# How common is it for NTs to only like music which they either listened to since they were little or that they assign special meaning to it?



## PierViers (Jul 19, 2021)

I know this is definitely not an NT thing and apply to everyone, but I can't ignore many INTPs wrote they don't enjoy art or music like other types do and consume it more like distraction or background noise (ADHD in play?..). I wondered if it has to do with low Se and Si making them less open to new tastes (e.g. I often require everything in the settings to match to the situation I heard the music first, even when it's barely perceptive).


----------



## islandlight (Aug 13, 2013)

I don't know about other NTs ...

Although I do enjoy some oldies from my youth, I never liked pop music much. I also didn't like the jazz, blues, or classical music my father listened to. I actually thought I didn't like music at all. I didn't listen to music on my own, and the music they played at work or at the gym drove me nuts.

At around age 20 I "discovered" old-timey country music and Bluegrass, which I thought were great. From my late 50s onward, thanks to YouTube and Spotify, I was able to enjoy many other types of music that I had never heard before (such as Reggaeton).

As for special meaning, maybe a bit of that. But I also like music from parts of the world that I know nothing about, in languages I don't understand, etc.


----------



## tanstaafl28 (Sep 10, 2012)

PierViers said:


> I know this is definitely not an NT thing and apply to everyone, but I can't ignore many INTPs wrote they don't enjoy art or music like other types do and consume it more like distraction or background noise (ADHD in play?..). I wondered if it has to do with low Se and Si making them less open to new tastes (e.g. I often require everything in the settings to match to the situation I heard the music first, even when it's barely perceptive).

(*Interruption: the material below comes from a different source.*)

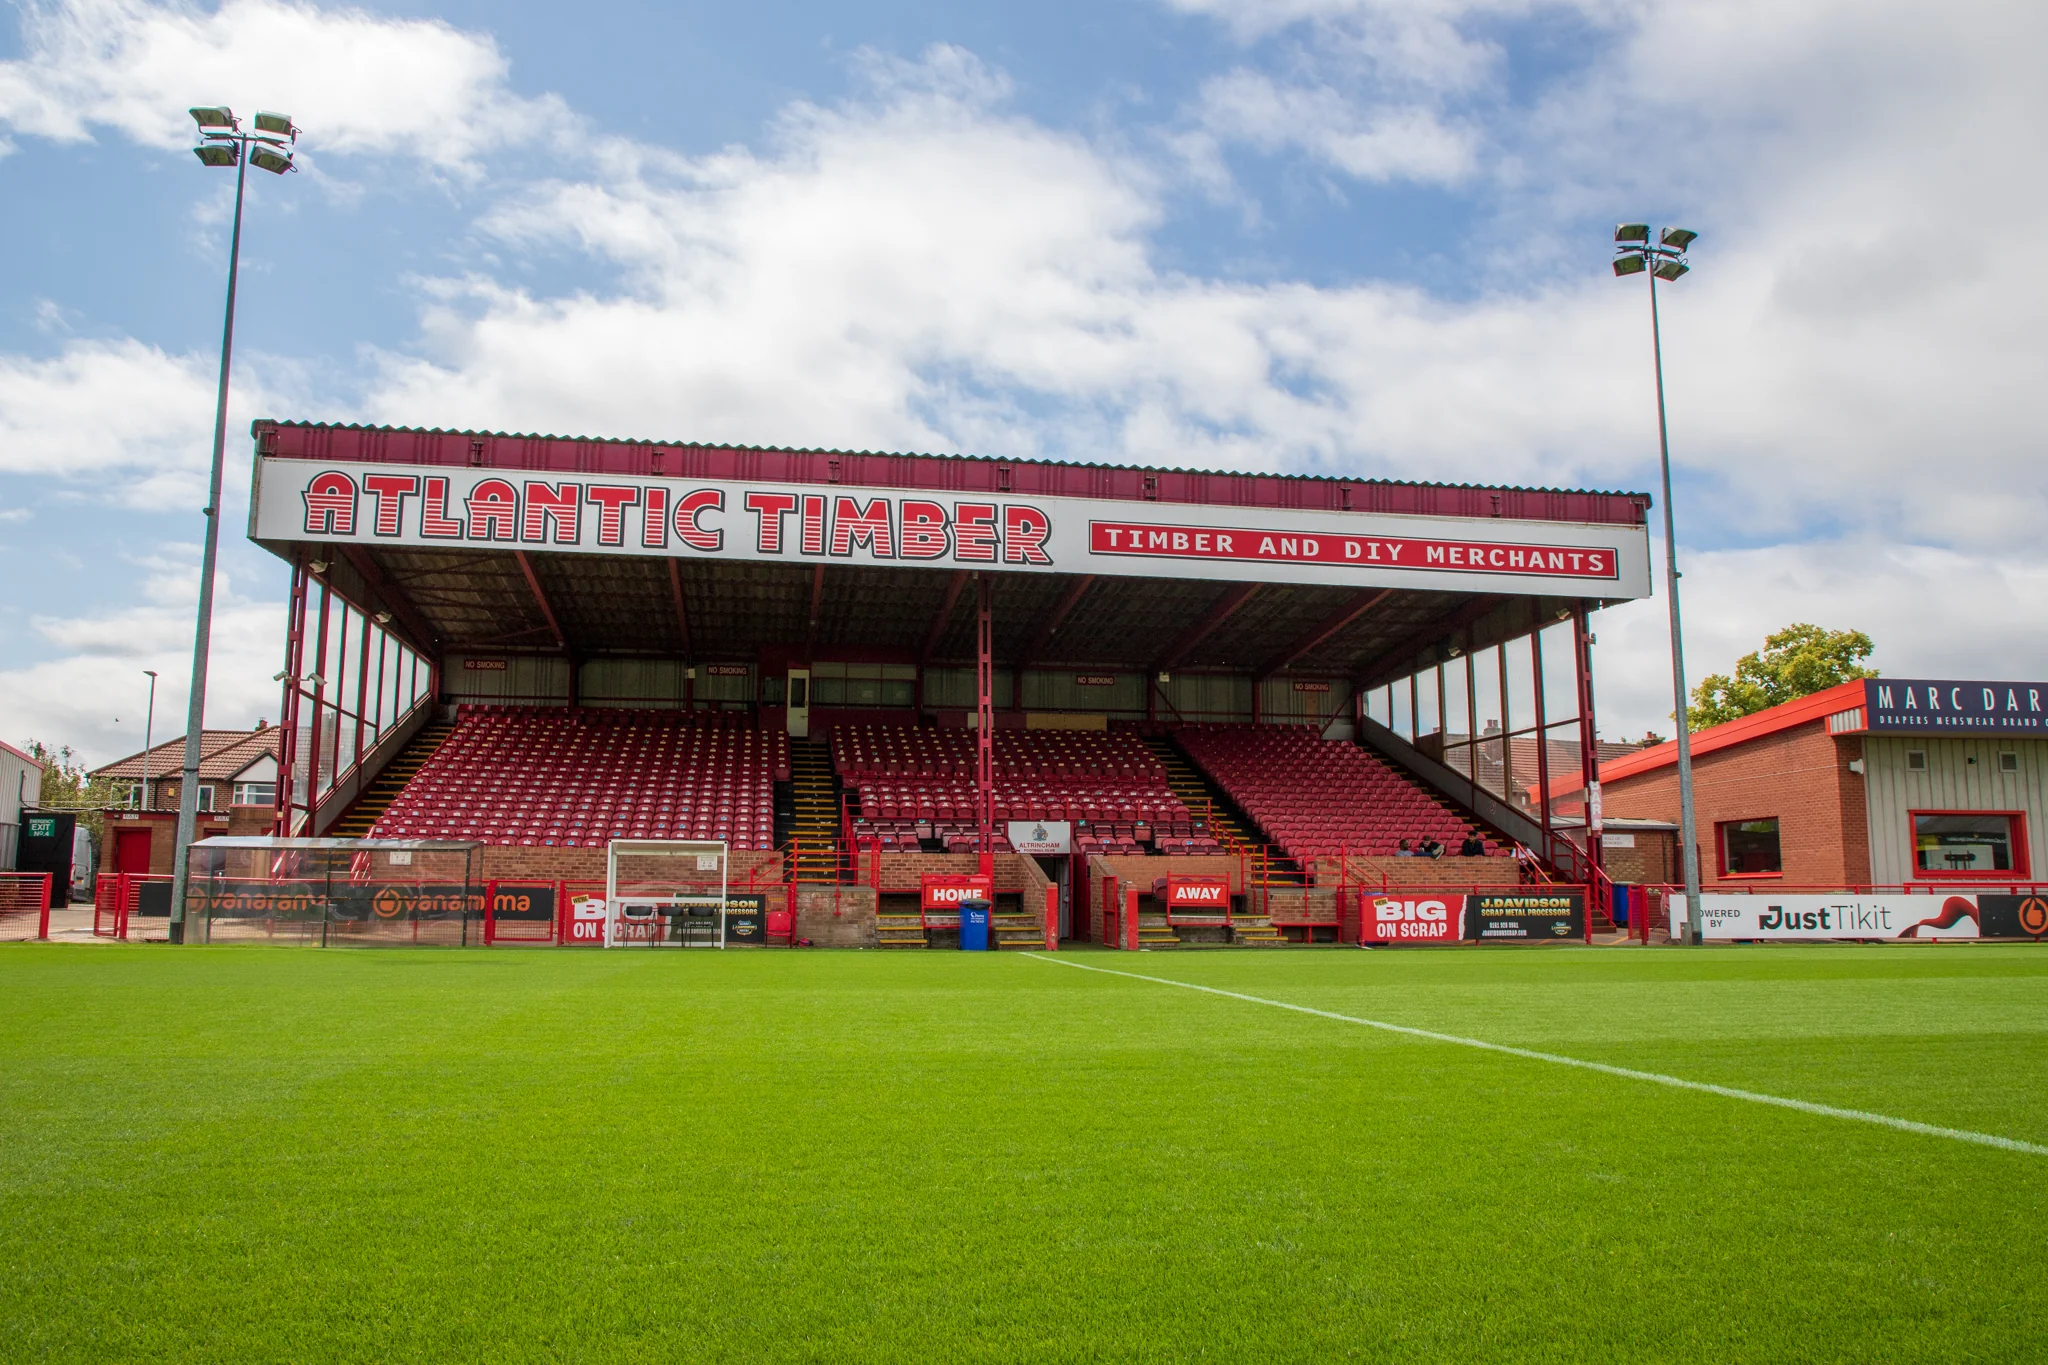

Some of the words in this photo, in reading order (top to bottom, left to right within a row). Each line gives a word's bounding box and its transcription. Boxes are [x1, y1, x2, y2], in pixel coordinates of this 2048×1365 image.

I can only speak for me, but this does seem like the case. New music does not make it into my collection very often.


----------



## jetser (Jan 6, 2016)

I depends. If we talk about ENTPs I think it's very common.
If we talk about INTJs/ENTJs less like so.


----------



## mia-me (Feb 5, 2021)

Most of the INTPs that I've known were seriously into music but not pop, more edgy, often eclectic genres. I did know one INTP who was exclusively into pop but he went into it obsessively, listening to it 24x7. Whatever they hear has to align with their present state or it's annoying and rejected.

INTJs appear to be a mixed bag of liking, neutral to, and disliking music. Pop doesn't appear to be their thing.

The three ENTPs that I know IRL appear to be less into music than other NT types but they all went through a music loving phase in their teens.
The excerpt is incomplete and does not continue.